■ Task details: From the line with "this 2212×1659 image." onward, reproduce each line of the entries exactly, ending at the last one, and add nothing.

■ Data extract:
* * * * * * *

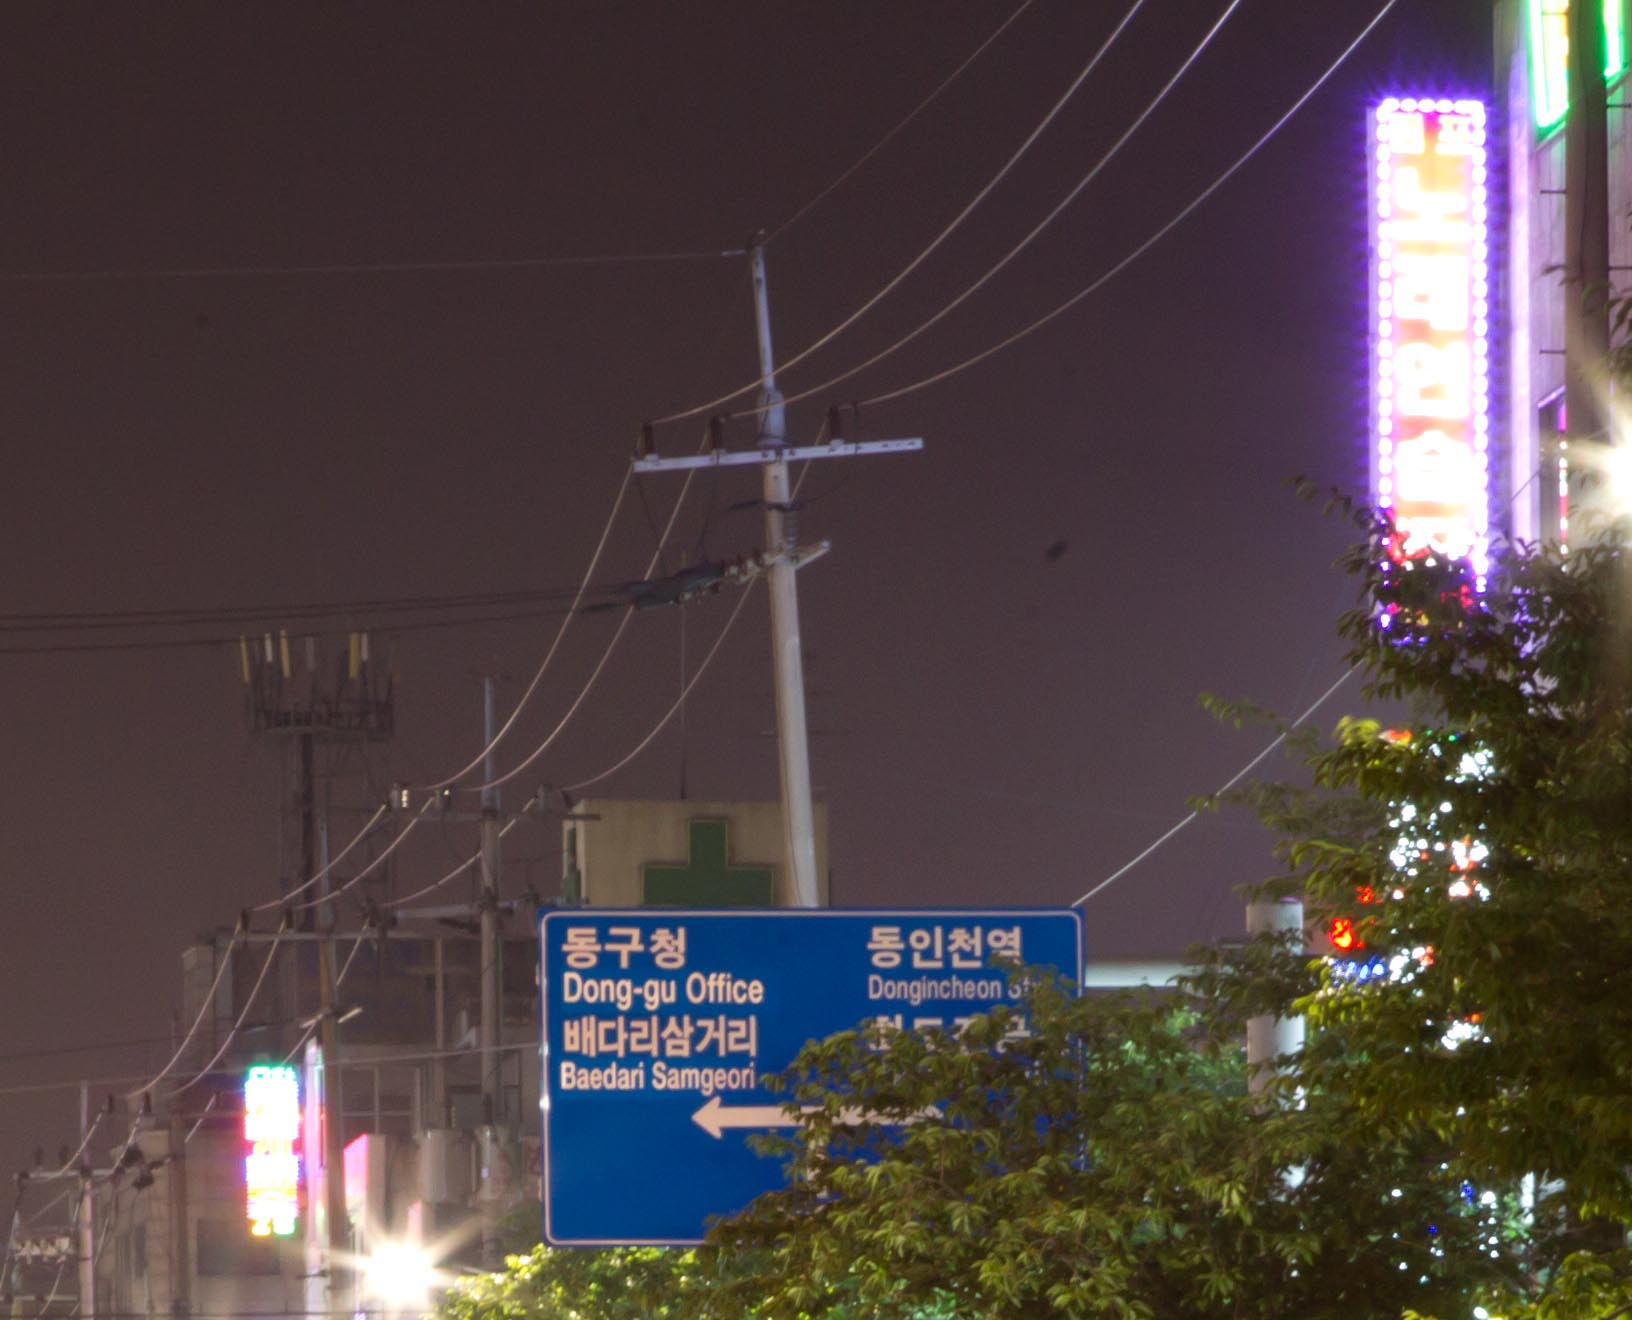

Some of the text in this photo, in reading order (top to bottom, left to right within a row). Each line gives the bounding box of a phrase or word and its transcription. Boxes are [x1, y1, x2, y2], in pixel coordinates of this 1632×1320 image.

[561, 926, 687, 969] 동구청
[866, 925, 1022, 969] 동인천역
[563, 971, 764, 1011] Dong-gu Office
[868, 974, 1002, 1006] Dongincheon
[563, 1014, 757, 1058] 배다리삼거리
[560, 1060, 756, 1097] Baedari Samgeori
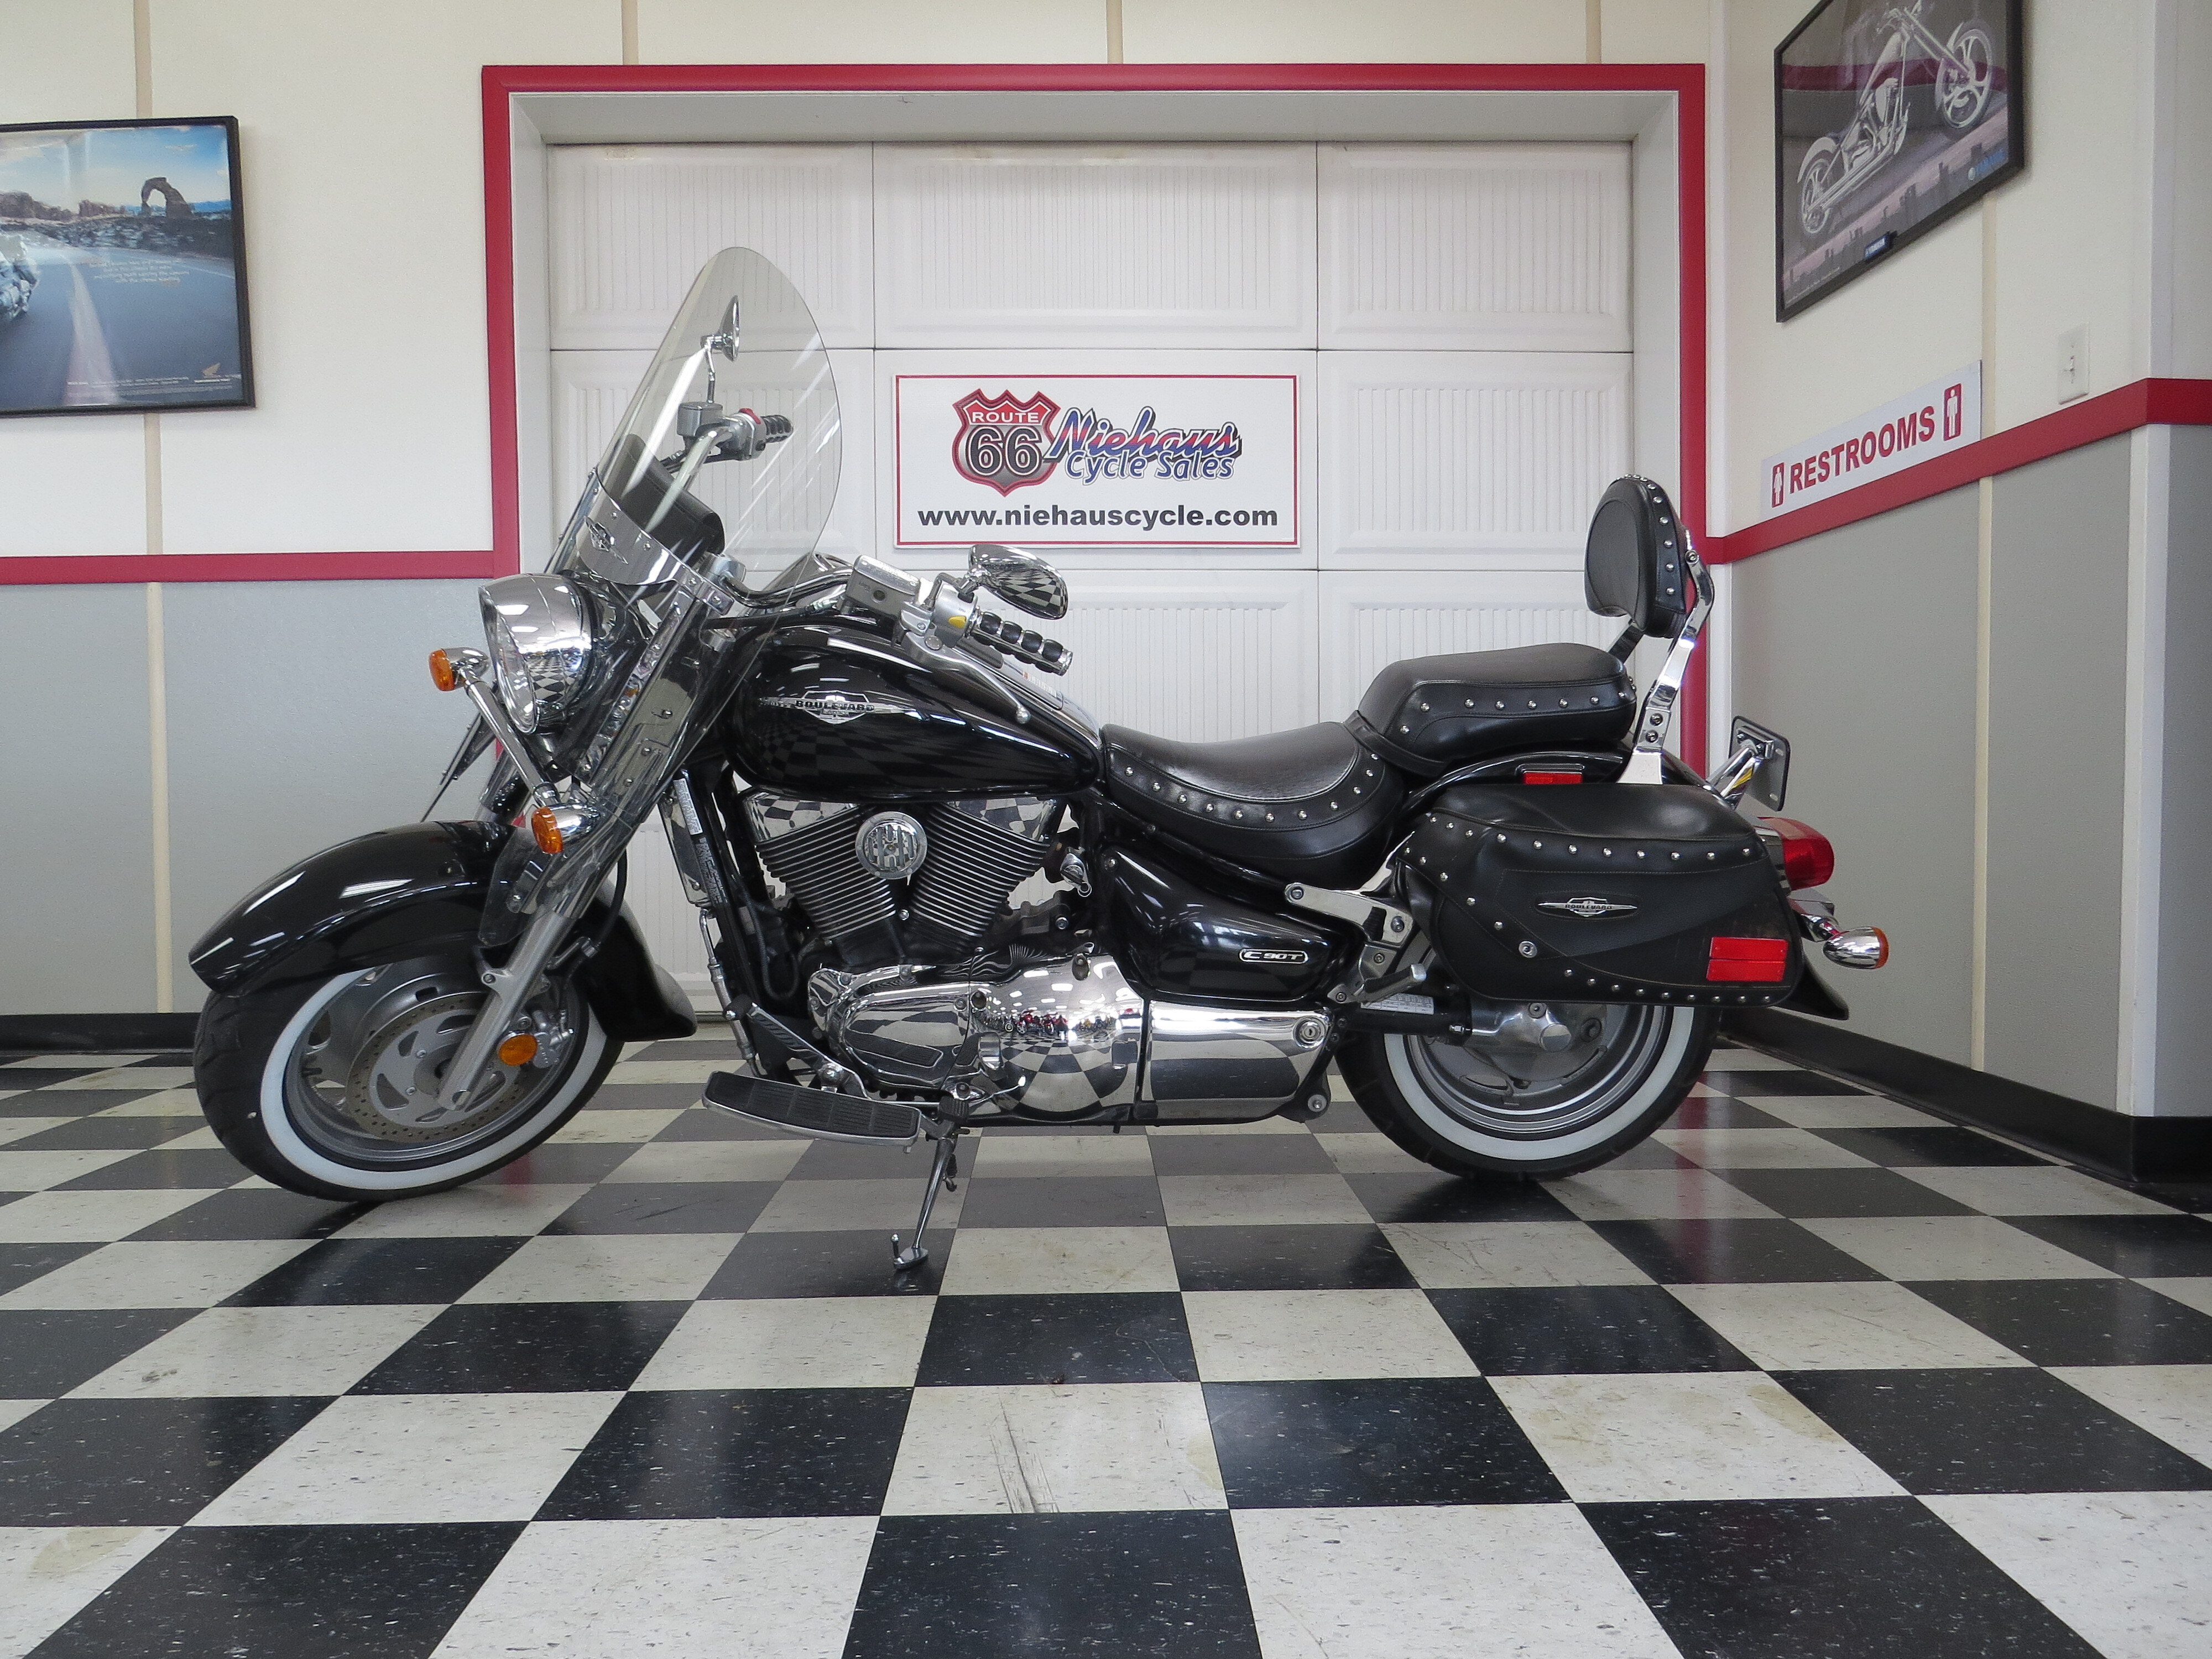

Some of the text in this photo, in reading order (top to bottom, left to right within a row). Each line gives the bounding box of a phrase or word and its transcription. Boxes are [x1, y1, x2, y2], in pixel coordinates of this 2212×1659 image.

[972, 411, 1039, 423] ROUTE
[1044, 406, 1243, 463] Niehaus
[966, 425, 1042, 476] 66
[1790, 405, 1935, 494] RESTROOMS
[1066, 450, 1236, 486] Cycle Sales
[917, 505, 1277, 531] www.niehauscycle.com
[795, 700, 875, 712] BOULEVARD

* * * * * * *

■ Answer to the problem:
Some of the text in this photo, in reading order (top to bottom, left to right within a row). Each line gives the bounding box of a phrase or word and its transcription. Boxes are [x1, y1, x2, y2], in pixel coordinates of this 2212×1659 image.

[972, 411, 1039, 423] ROUTE
[1044, 406, 1243, 463] Niehaus
[966, 425, 1042, 476] 66
[1790, 405, 1935, 494] RESTROOMS
[1066, 450, 1236, 486] Cycle Sales
[917, 505, 1277, 531] www.niehauscycle.com
[795, 700, 875, 712] BOULEVARD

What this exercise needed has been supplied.